Ortiz’s firing was mentioned in a recent report written by Oakland’s independent police monitor Robert Warshaw.

“The Department terminated an officer who allegedly engaged in inappropriate activity with a prostitute. IAD conducted an investigation that, while not perfect, was thorough and fair,” Warshaw wrote to U.S. District Judge Thelton Henderson. “In a roughly two-page analysis of an arbitration that lasted two full days, the arbitrator found that the alleged victim was not credible.”

During his time at OPD, Ortiz was named in nine different police-misconduct lawsuits, according to an analysis by Abraham Hyatt for OaklandPoliceBeat.com. The nine lawsuits were settled for $12.4 million.

Other high-profile officers who returned to OPD after having their terminations overturned during arbitration are Robert Roche and Hector Jimenez.
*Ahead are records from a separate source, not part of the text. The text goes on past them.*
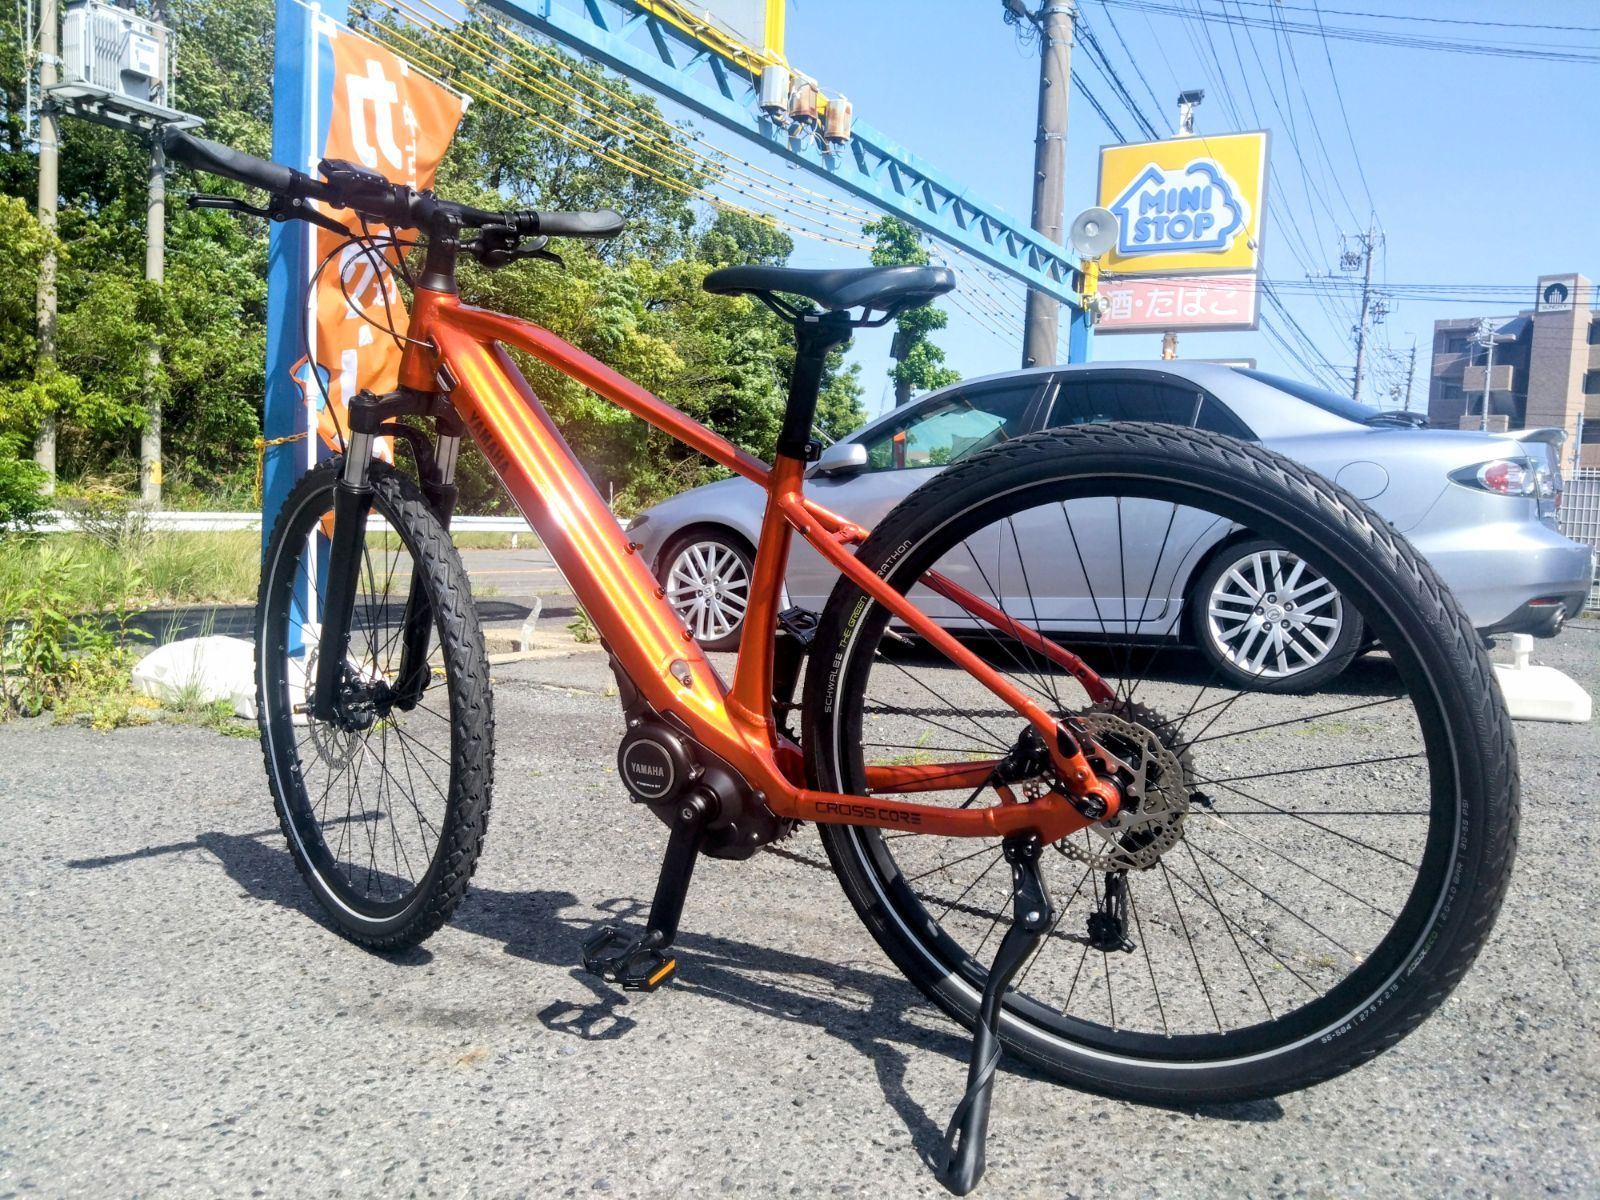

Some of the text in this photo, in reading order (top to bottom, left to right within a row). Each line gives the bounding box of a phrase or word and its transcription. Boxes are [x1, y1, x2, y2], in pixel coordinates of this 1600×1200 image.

[1139, 185, 1212, 215] MINI
[1134, 213, 1215, 243] STOP
[470, 410, 510, 473] YAMAHA
[824, 539, 913, 713] SCHWALBE THE GREEN RATHON
[631, 762, 665, 777] YAMAHA
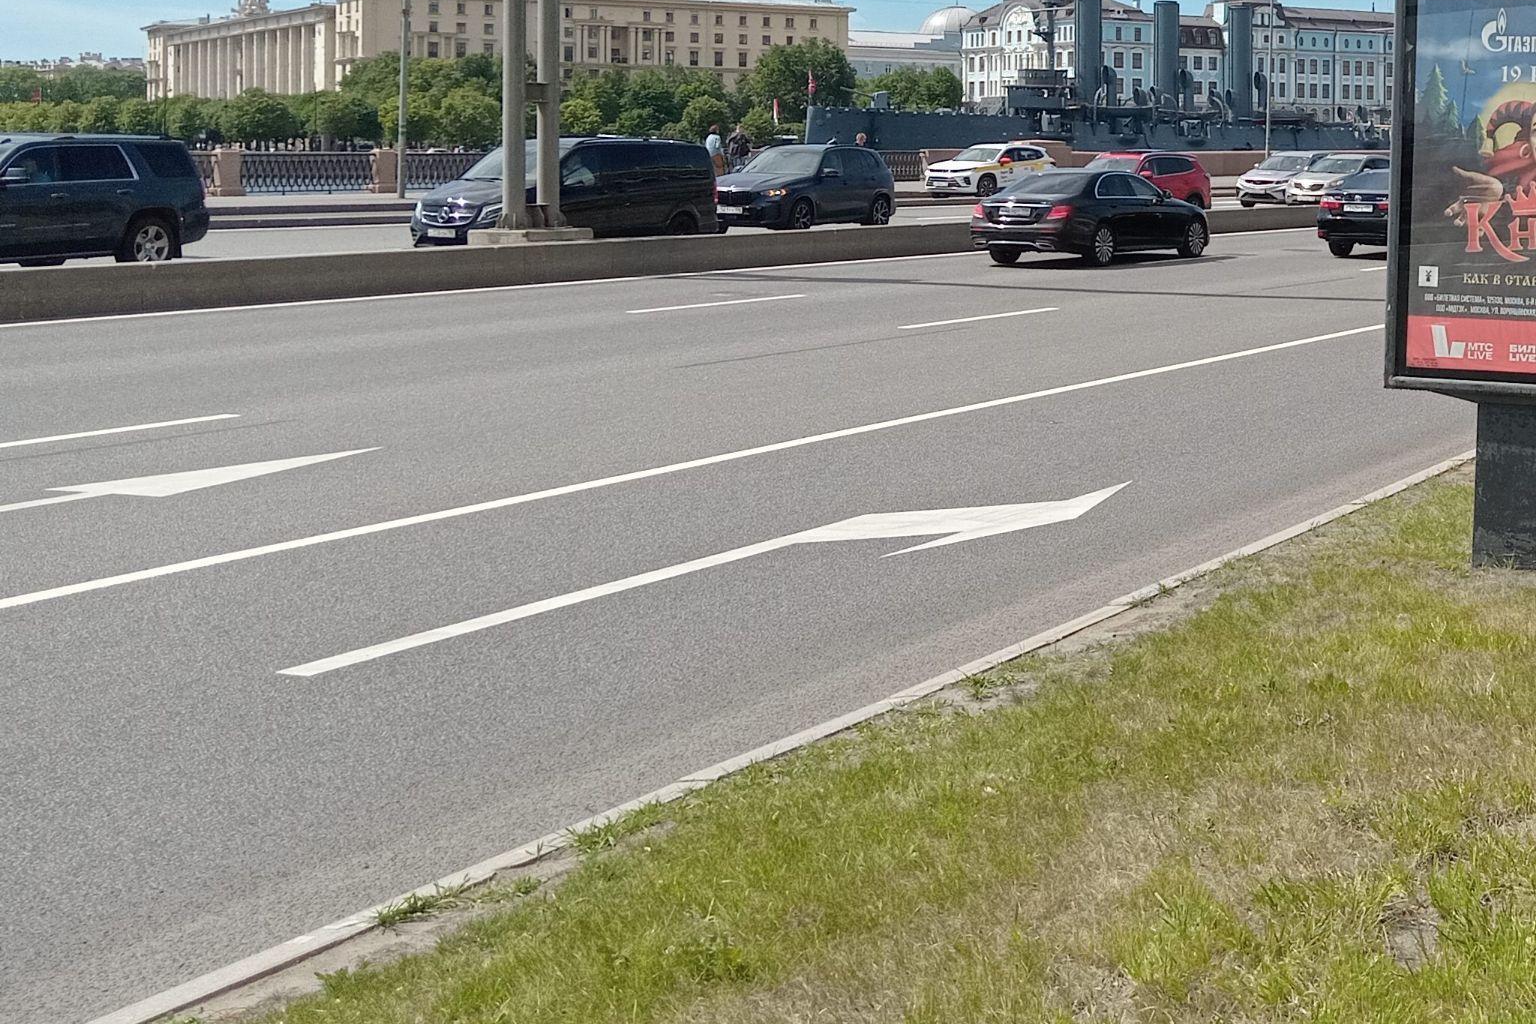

Roche was terminated for lying to internal-affairs investigators about his role in the injuring of Marine Corps veteran Scott Olsen during an Occupy Oakland Protest on October 25, 2011. His termination was overturned by an arbitrator in July 2014. The reversal of Roche’s discipline prompted Henderson to order a review of OPD’s disciplinary system.

Olsen has spoken out repeatedly against the arbitration system. In an interview, he said Roche’s rehiring was a signal to rogue cops that Oakland isn’t capable of holding them accountable for their actions. “Oakland officers know that the DA won’t charge them. And, if they get fired, that it will only be temporary, resulting in a vacation with back pay,” Olsen said.

Jimenez was fired in 2009 after fatally shooting two unarmed men, Andrew Moppin-Buckskin and Jody “Mack” Woodfox, within a year of each other in 2008 while Jimenez was a probationary officer. His termination was overturned by a labor arbitrator in 2011.

Both Jimenez and Roche currently work in the department’s Criminal Investigative Division.